Avatar

Posted on April 20, 2010 at 12:00 pm

NOTE: The DVD being released this week is a stripped-down 2D version. Later this year there will be another release with many more extras.

Writer-director-producer James Cameron (“Titanic,” “Terminator”) spent a record-breaking $230 million on “Avatar,” and the good news is that he got his money’s worth on the technology — the 3D motion capture technology is stunning, many levels above anything that has ever been done before. He has literally created an entire world, the planet Pandora, so that every insect, plant, animal, waterfall, humanoid creature, and landscape and all of the physical properties that govern the way they interact has to be carefully thought through and consistently applied so that it is at the same time imaginative and credible. If it manages the second better than the first, that is still very impressive. And if it runs out of imagination and even some credibility when it comes to the plot, well, there is still enough on the screen to qualify as entertaining eye candy.
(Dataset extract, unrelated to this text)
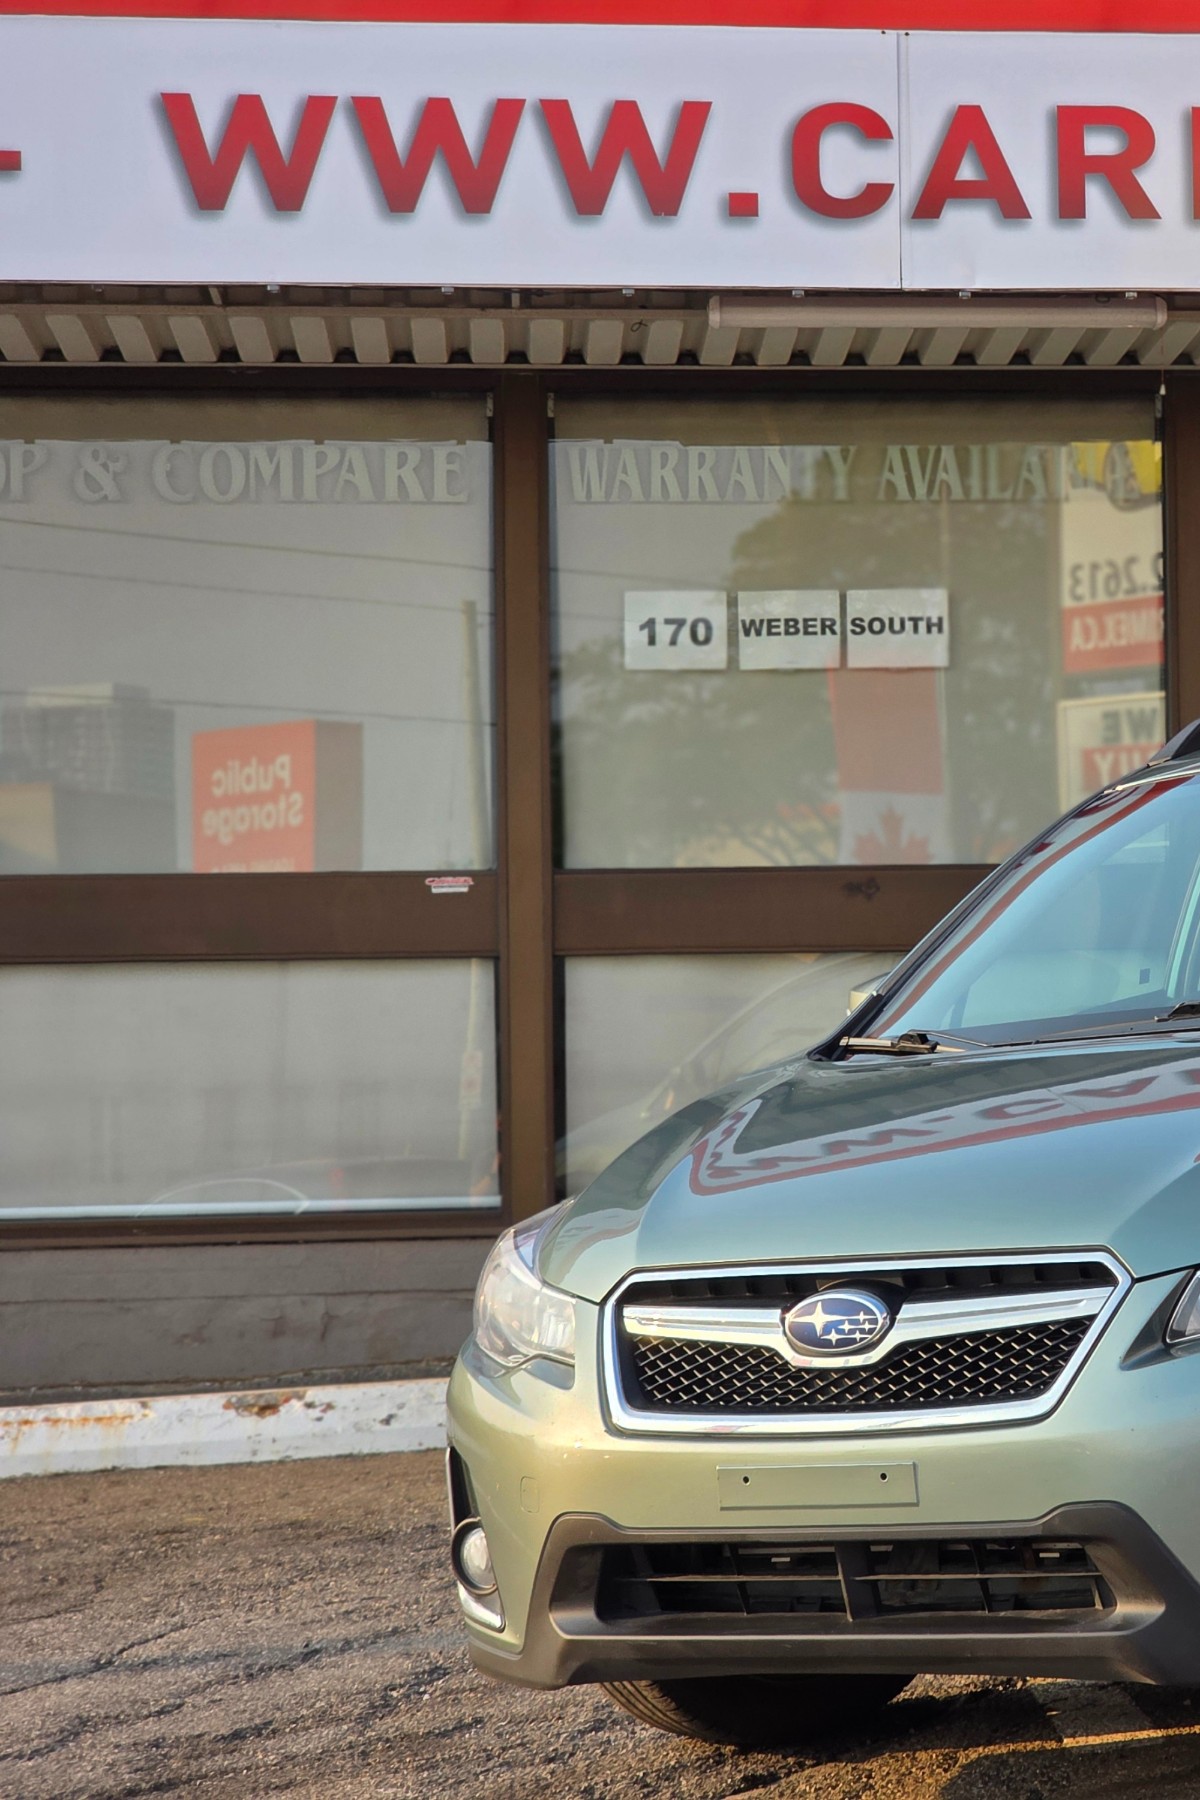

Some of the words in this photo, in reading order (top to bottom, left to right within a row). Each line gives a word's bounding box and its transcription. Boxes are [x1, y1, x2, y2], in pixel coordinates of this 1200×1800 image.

It takes place more than a hundred years in the future. Sam Worthington plays Jake, a former Marine confined to a wheelchair following an injury. His twin brother, a scientist, has been killed and Jake is given the chance to replace him on a major project for a big corporation. Jake does not have his brother’s training and experience but he has something even more important — the same DNA. Jake’s brother and his colleagues have mixed some of their DNA with that of a humanoid race on the planet Pandora to create hybrids that can be used as sort of puppets, manipulated by the humans to interact with the creatures on Pandora. Since Jake’s DNA matches, he qualifies. And he has a powerful incentive to participate. With the money he will get, he will be able to afford the surgery that will restore his ability to walk, which is not covered by his VA benefits. (Apparently, even a century from now we still won’t have that health care thing licked.) So Jake goes into a pod sort of thing and the next thing and into a sleep sort of state and the next thing you know he is digging big, blue toes into the Pandorian ground (I guess you don’t call it earth if it’s on another planet).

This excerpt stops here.